The records that follow are to be repeated exactly, without any pictures.

****************************************

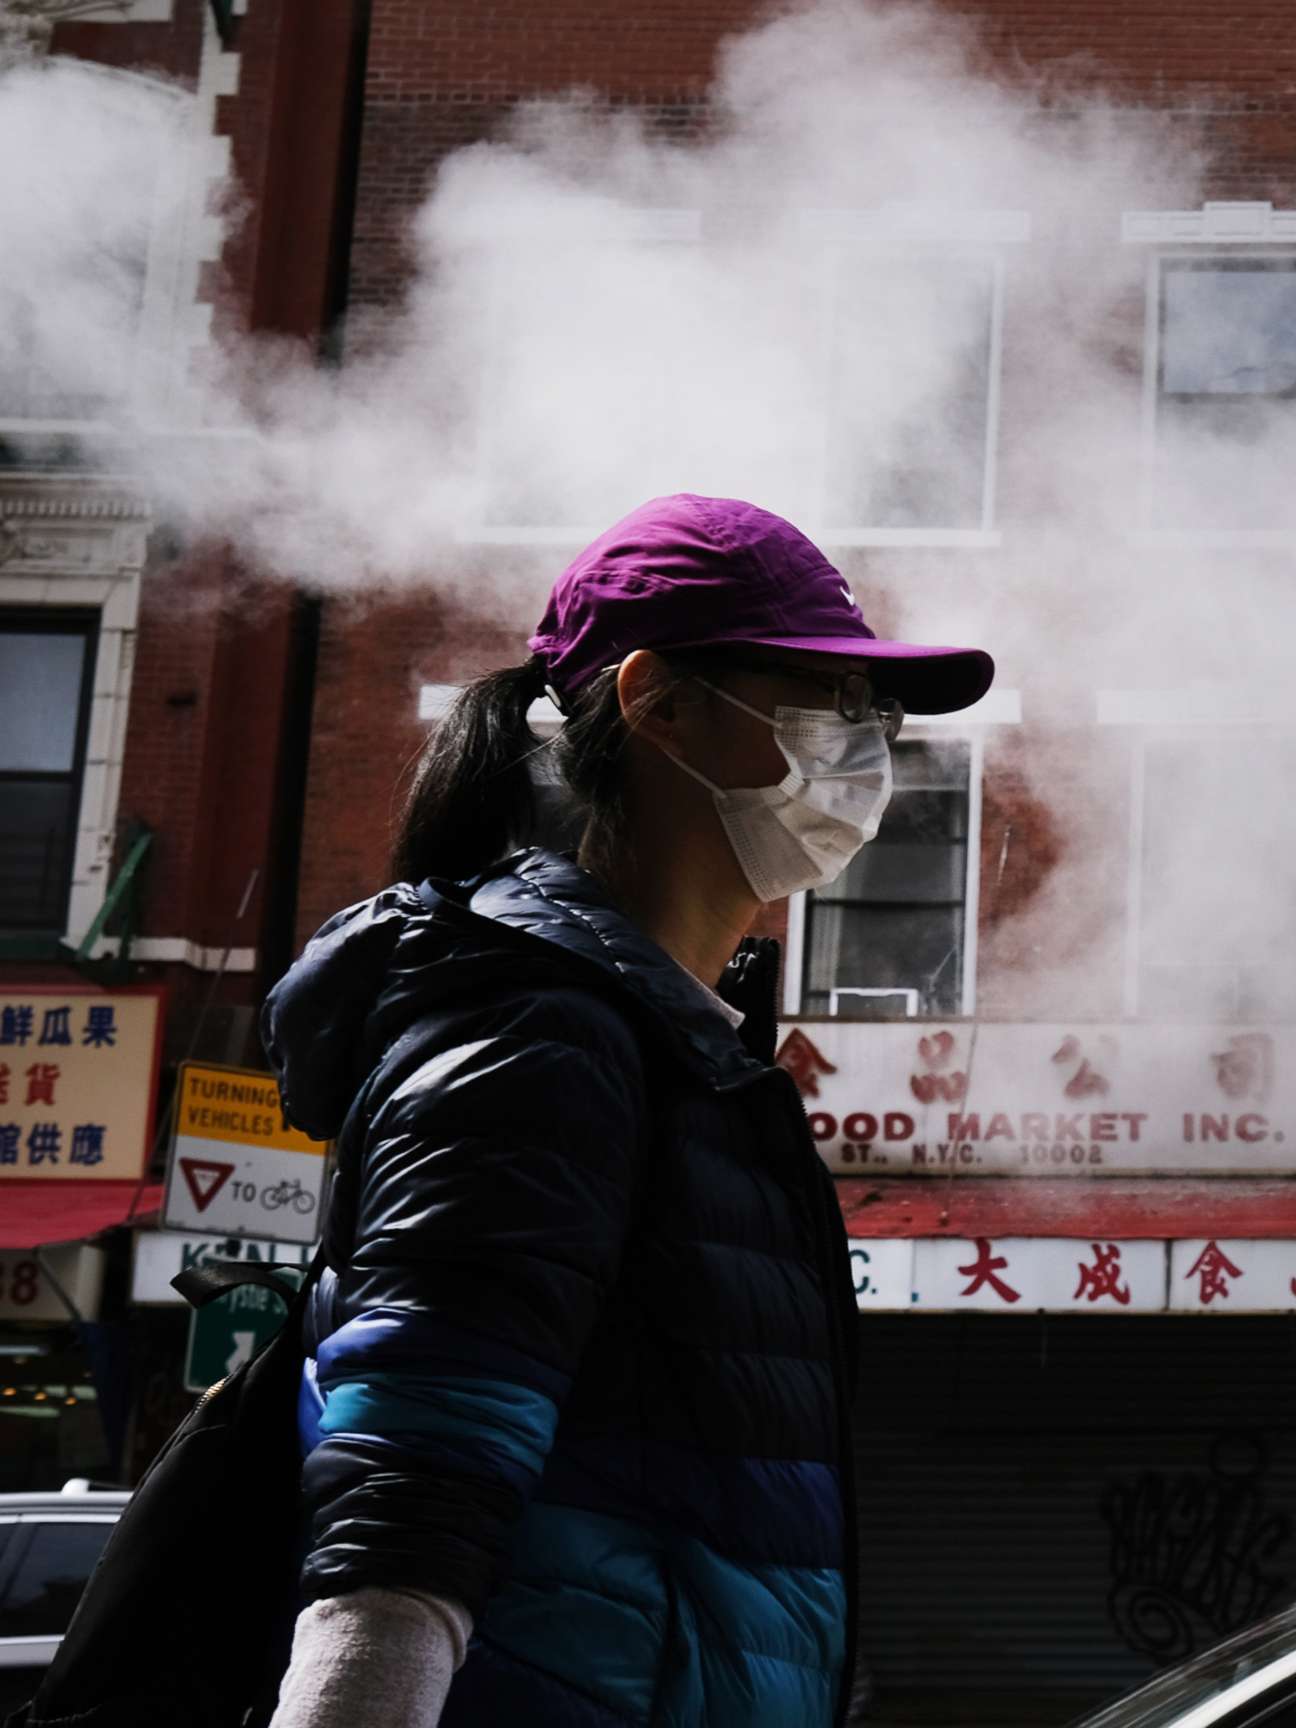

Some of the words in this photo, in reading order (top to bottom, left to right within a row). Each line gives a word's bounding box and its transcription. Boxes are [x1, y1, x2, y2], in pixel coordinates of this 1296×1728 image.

[190, 1077, 279, 1108] TURNING
[187, 1107, 274, 1137] VEHICLES
[947, 1112, 1148, 1143] MARKET
[1182, 1112, 1285, 1143] INC.
[1019, 1143, 1103, 1164] 10002
[231, 1181, 256, 1202] TO
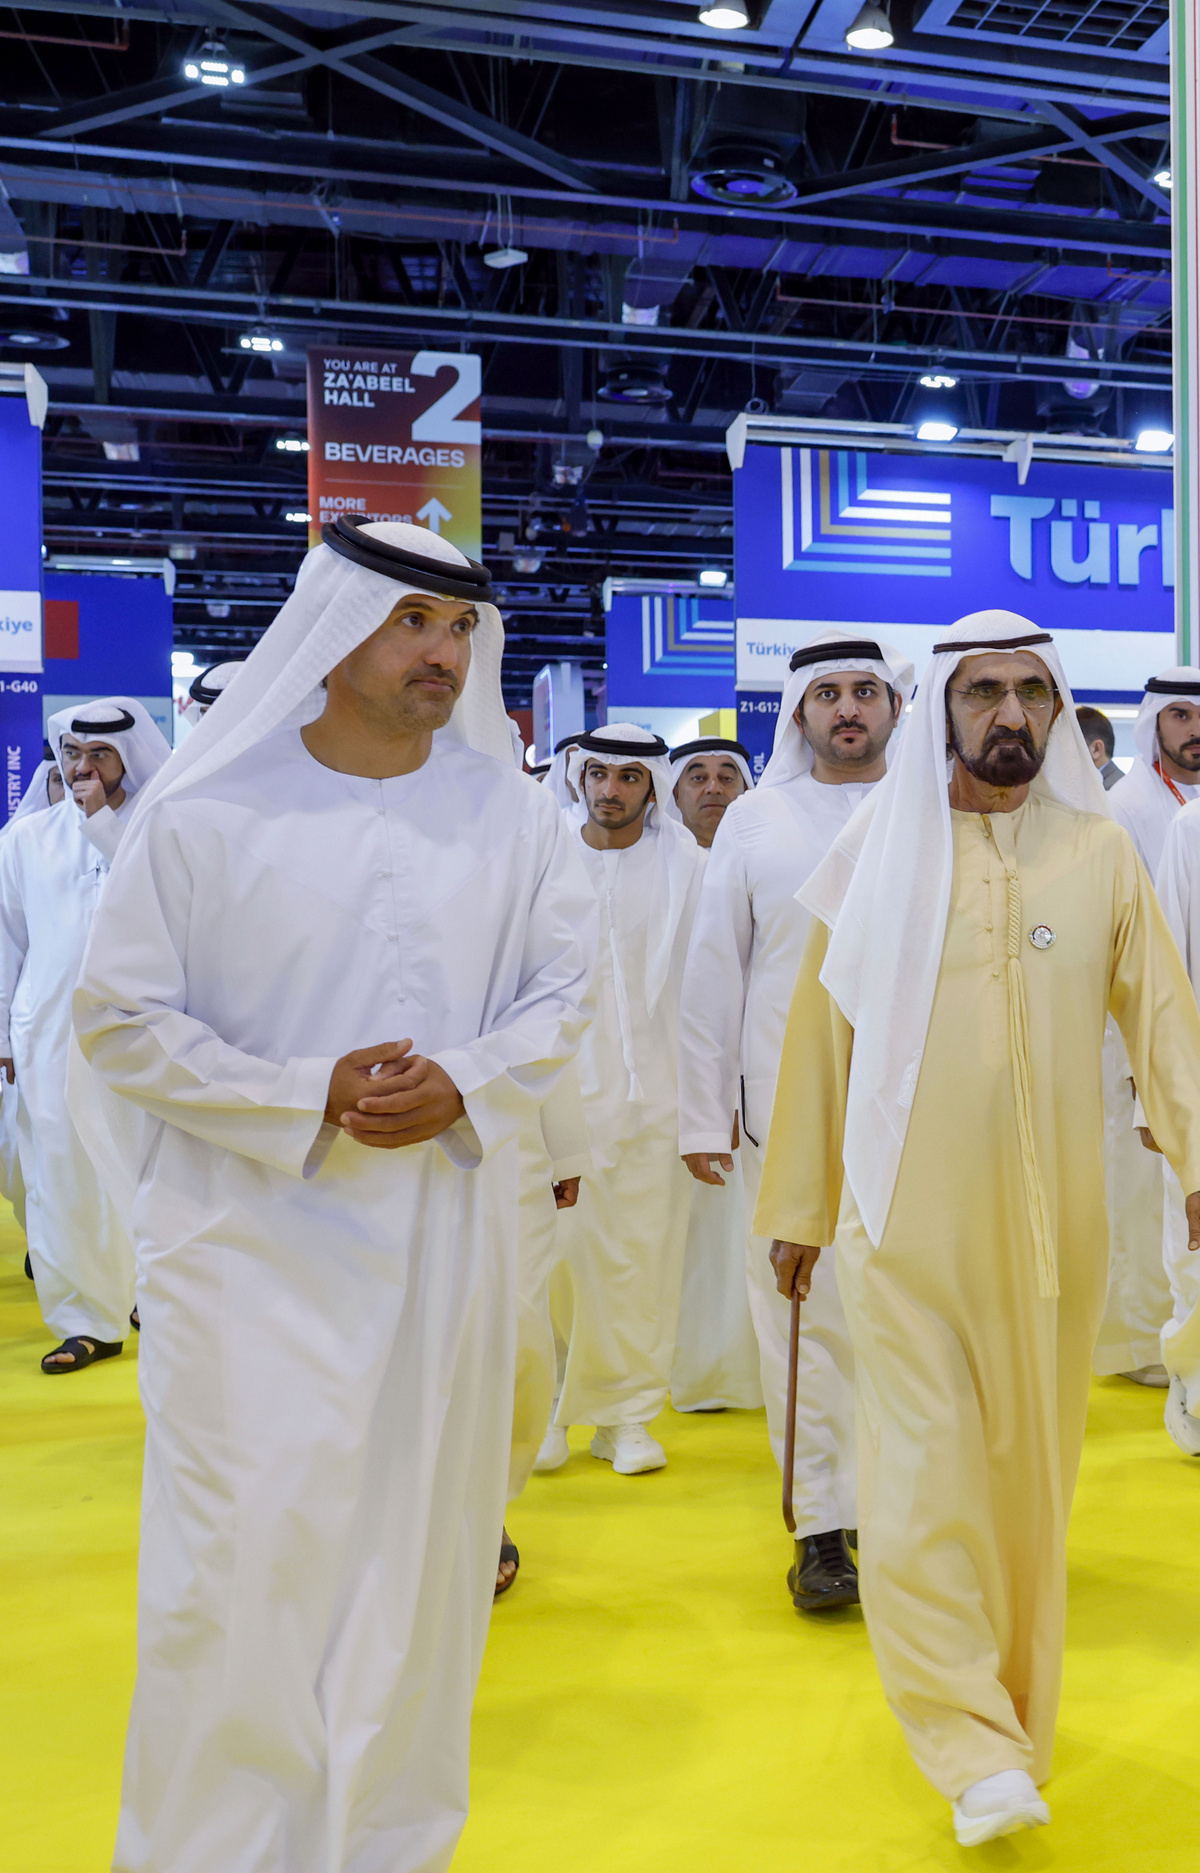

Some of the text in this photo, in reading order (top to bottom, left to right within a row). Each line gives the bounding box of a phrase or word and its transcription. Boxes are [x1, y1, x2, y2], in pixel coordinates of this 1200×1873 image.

[323, 358, 398, 374] YOU ARE AT
[323, 350, 482, 445] ZA'ABEEL 2
[323, 389, 375, 408] HALL
[324, 442, 465, 468] BEVERAGES
[319, 496, 368, 511] MORE
[7, 745, 21, 770] INC
[754, 751, 765, 774] OIL

****************************************

- **Solution**
Some of the words in this photo, in reading order (top to bottom, left to right within a row). Each line gives a word's bounding box and its transcription. Boxes are [x1, y1, x2, y2], in pixel coordinates of this 1296×1728 image.

[190, 1077, 279, 1108] TURNING
[187, 1107, 274, 1137] VEHICLES
[947, 1112, 1148, 1143] MARKET
[1182, 1112, 1285, 1143] INC.
[1019, 1143, 1103, 1164] 10002
[231, 1181, 256, 1202] TO

Some of the text in this photo, in reading order (top to bottom, left to right within a row). Each line gives the bounding box of a phrase or word and its transcription. Boxes are [x1, y1, x2, y2], in pixel coordinates of this 1200×1873 image.

[323, 358, 398, 374] YOU ARE AT
[323, 350, 482, 445] ZA'ABEEL 2
[323, 389, 375, 408] HALL
[324, 442, 465, 468] BEVERAGES
[319, 496, 368, 511] MORE
[7, 745, 21, 770] INC
[754, 751, 765, 774] OIL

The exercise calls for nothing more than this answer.